— Хорошо, подумайте, — сказала пожилая леди. — Но я предлагаю вполне приемлемую цену, так что учтите — желающие найдутся, — строго добавила она, прищурив глаза от яркого мартовского солнца.
Годовая рента составляла восемь тысяч фунтов — чуть меньше, чем ожидала Эмили. Кроме того, миссис Маддокс согласилась на полугодовую рассрочку по первому взносу, с учетом того, что Эмили надо наладить дело, закупить товар и дождаться прибыли. А также, поскольку миссис Маддокс собиралась жить в квартире, расположенной над магазином, расходы, связанные с капитальным ремонтом здания, она брала на себя. Все внутренние работы по изменению интерьера Эмили должна будет произвести за свой счет.
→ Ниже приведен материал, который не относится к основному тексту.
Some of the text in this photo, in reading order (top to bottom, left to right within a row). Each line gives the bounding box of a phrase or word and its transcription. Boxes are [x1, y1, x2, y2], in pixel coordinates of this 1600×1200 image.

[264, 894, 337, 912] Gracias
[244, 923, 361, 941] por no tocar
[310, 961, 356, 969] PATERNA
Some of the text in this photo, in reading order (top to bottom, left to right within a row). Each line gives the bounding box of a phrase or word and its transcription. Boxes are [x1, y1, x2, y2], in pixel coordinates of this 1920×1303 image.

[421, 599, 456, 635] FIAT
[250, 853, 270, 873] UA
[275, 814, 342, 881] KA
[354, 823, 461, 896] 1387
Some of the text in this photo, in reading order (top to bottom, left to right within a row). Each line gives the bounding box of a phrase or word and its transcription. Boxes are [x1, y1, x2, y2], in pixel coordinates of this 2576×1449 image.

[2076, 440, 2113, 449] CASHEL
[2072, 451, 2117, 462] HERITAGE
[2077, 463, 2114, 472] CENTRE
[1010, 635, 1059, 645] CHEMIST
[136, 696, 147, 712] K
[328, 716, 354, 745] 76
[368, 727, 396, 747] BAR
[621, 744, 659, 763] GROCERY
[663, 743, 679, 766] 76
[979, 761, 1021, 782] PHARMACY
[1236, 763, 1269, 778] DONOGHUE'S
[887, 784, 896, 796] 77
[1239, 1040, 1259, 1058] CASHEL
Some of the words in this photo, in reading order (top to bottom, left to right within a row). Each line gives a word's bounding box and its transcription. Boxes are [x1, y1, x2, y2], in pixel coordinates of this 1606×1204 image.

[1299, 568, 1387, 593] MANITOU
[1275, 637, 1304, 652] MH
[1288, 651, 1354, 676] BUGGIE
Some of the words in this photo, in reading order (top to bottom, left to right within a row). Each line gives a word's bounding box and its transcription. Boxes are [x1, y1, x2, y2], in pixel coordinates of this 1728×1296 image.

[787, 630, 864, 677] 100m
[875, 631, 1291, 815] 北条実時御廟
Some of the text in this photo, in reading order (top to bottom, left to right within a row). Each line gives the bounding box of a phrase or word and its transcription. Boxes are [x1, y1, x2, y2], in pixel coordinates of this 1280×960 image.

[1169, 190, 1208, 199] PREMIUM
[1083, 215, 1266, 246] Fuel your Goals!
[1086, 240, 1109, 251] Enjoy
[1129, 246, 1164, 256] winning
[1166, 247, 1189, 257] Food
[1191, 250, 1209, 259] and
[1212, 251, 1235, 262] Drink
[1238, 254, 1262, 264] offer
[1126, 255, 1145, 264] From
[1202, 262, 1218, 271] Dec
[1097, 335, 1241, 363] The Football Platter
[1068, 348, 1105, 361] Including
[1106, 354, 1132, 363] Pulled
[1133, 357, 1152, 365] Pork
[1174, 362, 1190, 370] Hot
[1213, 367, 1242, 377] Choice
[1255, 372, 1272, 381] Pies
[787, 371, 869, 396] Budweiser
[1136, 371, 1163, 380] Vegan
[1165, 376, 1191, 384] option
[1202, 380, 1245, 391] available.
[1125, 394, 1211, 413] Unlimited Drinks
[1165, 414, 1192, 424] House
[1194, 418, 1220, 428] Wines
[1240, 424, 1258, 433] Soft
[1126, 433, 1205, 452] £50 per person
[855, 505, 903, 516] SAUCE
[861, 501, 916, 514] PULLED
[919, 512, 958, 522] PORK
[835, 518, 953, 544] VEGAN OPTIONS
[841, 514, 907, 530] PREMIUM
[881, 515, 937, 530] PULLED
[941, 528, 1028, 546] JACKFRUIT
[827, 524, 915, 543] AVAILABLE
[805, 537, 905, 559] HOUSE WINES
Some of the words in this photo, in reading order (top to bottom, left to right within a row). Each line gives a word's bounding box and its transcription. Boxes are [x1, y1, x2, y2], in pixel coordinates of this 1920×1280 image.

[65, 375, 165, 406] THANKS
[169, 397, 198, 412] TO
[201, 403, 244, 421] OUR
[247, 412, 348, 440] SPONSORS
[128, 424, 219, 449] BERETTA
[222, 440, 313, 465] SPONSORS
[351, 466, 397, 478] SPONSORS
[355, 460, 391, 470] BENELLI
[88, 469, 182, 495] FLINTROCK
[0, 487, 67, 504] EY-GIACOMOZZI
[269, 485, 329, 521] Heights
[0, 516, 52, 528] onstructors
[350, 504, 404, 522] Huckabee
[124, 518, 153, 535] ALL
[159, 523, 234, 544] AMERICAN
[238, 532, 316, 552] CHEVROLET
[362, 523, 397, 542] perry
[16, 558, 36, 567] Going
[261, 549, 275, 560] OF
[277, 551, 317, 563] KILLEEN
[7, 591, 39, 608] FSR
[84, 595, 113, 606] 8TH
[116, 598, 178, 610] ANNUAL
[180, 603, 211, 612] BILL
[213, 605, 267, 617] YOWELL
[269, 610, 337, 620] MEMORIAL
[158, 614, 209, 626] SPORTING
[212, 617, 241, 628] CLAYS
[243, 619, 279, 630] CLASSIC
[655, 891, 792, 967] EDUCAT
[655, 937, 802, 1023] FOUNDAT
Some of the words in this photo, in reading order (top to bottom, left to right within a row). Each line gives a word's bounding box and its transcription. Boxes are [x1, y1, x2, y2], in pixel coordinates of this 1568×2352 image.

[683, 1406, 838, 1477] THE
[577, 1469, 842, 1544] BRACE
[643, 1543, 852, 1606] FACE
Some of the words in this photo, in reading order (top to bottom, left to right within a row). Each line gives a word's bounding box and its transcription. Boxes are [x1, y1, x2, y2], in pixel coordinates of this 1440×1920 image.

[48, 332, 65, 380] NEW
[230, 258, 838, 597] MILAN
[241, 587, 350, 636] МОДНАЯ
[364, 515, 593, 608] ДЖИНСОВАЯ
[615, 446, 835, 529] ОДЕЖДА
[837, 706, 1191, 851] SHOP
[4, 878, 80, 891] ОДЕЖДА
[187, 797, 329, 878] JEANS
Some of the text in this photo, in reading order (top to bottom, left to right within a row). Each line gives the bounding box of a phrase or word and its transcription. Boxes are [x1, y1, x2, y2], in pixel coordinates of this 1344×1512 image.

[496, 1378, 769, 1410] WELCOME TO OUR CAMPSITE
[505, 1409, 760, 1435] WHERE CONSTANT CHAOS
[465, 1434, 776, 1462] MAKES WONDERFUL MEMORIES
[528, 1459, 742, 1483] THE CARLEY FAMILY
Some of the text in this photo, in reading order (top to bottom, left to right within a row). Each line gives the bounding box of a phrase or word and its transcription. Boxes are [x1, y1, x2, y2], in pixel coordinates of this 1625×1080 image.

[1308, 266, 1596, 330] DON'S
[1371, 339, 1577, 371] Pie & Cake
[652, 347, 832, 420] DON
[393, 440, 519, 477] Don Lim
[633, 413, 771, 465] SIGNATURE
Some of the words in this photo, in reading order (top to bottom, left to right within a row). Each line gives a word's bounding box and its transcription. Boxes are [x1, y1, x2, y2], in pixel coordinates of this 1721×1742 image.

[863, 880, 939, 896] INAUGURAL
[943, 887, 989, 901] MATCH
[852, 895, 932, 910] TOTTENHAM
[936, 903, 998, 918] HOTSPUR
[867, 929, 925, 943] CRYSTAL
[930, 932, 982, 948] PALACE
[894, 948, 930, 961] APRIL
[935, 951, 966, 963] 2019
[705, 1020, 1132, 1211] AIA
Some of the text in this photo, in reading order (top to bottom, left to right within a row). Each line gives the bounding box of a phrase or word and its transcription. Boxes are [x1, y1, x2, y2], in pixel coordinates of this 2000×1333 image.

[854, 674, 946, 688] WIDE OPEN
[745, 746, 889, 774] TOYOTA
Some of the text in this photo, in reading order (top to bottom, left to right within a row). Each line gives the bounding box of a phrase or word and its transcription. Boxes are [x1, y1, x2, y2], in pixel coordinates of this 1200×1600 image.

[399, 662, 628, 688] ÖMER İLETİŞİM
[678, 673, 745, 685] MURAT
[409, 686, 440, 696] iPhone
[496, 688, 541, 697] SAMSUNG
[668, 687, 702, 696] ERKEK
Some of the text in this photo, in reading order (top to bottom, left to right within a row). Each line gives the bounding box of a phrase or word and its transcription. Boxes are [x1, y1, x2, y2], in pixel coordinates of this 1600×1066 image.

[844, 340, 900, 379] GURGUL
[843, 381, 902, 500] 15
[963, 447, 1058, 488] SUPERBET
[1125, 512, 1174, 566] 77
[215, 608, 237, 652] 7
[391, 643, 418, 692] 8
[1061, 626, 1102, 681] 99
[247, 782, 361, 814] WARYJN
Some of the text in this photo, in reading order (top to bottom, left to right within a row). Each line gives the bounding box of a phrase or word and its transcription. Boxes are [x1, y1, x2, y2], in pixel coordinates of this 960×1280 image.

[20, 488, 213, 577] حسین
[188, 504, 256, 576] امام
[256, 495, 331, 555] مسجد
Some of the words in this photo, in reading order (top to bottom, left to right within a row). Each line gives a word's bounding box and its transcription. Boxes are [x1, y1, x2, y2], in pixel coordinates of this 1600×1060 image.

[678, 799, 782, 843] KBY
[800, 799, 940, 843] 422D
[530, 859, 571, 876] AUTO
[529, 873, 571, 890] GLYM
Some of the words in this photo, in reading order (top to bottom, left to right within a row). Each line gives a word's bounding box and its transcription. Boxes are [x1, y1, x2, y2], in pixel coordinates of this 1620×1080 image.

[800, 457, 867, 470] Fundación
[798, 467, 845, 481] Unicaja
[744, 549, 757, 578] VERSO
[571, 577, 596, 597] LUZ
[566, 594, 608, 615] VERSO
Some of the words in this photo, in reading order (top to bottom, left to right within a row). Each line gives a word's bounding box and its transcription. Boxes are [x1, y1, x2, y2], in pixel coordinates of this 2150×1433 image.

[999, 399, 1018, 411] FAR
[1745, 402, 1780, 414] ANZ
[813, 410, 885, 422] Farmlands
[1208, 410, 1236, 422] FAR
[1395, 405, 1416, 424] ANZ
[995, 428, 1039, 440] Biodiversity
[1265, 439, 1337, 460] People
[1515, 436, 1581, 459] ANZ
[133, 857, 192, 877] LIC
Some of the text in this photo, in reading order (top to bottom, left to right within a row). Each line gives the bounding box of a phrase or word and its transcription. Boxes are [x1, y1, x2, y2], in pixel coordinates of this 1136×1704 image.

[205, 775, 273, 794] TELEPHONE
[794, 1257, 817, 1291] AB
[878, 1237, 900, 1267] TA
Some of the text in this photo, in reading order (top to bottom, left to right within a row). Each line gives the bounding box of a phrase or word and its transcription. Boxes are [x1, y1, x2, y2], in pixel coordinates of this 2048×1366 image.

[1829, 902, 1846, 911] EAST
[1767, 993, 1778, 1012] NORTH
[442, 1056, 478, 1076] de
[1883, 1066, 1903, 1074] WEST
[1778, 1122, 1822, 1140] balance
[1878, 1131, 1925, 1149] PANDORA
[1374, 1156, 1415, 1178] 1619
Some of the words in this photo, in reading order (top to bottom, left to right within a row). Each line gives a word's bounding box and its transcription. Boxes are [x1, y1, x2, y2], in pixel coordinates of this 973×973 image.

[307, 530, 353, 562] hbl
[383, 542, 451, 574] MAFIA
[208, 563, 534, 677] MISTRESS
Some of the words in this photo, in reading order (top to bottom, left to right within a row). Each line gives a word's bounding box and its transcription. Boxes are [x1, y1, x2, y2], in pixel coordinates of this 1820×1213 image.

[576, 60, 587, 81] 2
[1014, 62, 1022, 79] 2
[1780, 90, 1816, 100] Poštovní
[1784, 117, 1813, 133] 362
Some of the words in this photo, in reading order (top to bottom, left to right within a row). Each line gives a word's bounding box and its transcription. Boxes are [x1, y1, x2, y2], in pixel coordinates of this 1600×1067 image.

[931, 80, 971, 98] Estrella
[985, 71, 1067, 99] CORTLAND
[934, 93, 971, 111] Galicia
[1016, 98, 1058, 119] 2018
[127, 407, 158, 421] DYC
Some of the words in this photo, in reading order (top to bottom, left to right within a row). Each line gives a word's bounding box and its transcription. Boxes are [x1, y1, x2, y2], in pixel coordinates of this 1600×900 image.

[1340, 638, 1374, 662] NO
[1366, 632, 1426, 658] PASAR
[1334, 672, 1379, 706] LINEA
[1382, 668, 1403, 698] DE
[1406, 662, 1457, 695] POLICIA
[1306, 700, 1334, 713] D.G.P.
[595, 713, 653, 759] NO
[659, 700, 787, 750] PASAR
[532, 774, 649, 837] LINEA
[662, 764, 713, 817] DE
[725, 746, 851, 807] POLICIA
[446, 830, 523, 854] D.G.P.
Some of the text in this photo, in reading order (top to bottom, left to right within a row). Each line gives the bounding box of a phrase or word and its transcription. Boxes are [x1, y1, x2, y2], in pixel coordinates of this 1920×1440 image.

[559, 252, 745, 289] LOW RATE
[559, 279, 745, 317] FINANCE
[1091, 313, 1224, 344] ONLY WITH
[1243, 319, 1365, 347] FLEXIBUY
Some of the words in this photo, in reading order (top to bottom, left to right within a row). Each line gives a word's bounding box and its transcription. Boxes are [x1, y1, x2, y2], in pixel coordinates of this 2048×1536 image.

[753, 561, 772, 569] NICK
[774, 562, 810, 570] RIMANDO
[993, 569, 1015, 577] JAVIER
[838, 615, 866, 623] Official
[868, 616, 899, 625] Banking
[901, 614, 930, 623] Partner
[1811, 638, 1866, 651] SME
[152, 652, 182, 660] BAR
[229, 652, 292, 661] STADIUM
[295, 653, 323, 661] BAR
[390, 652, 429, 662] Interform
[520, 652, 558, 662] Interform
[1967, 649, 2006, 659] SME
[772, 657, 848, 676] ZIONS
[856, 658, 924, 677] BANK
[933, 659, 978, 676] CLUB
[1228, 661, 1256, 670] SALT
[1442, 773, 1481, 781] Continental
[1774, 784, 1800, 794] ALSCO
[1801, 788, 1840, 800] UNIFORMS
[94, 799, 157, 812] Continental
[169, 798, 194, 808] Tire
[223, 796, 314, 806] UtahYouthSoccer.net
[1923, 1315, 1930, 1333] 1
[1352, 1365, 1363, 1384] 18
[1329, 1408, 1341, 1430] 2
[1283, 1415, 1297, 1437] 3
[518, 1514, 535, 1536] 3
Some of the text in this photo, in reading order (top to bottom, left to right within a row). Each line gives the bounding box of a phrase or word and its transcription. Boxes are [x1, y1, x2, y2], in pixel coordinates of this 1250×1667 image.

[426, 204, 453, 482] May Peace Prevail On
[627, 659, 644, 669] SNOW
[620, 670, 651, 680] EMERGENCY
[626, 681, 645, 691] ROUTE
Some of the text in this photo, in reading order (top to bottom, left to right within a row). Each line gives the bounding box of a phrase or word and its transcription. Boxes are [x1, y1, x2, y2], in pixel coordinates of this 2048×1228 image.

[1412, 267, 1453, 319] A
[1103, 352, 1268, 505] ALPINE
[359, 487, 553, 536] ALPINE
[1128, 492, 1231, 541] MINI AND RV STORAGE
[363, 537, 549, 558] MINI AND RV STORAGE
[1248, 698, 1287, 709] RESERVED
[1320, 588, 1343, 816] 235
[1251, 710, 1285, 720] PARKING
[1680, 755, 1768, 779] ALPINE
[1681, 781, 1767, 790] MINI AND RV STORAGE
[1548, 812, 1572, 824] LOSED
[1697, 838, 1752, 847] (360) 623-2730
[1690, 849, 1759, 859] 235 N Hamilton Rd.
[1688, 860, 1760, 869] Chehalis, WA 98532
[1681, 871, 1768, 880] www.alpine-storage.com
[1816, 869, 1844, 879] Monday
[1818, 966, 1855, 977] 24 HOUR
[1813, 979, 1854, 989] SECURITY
Хотя миссис Маддокс искренне полагала, что в этом нет никакой необходимости.
— Освещение прекрасное, — она щелкнула выключателем. — Большинство полок в отличном состоянии. — Миссис Маддокс всем телом навалилась на стеллаж, демонстрируя его надежность.
Эмили предпочла благоразумно промолчать и не посвящать пока добрую женщину в свои планы по кардинальному переустройству магазина.
Она возвращалась в Доджер-Пойнт в приподнятом настроении, сгорая от нетерпения поделиться с кем-нибудь своими впечатлениями и планами. Однако ее слушателем оказался не Сэм, благодаря которому Эмили отыскала замечательный дом на Хамбл-стрит, первым делом она позвонила Артуру.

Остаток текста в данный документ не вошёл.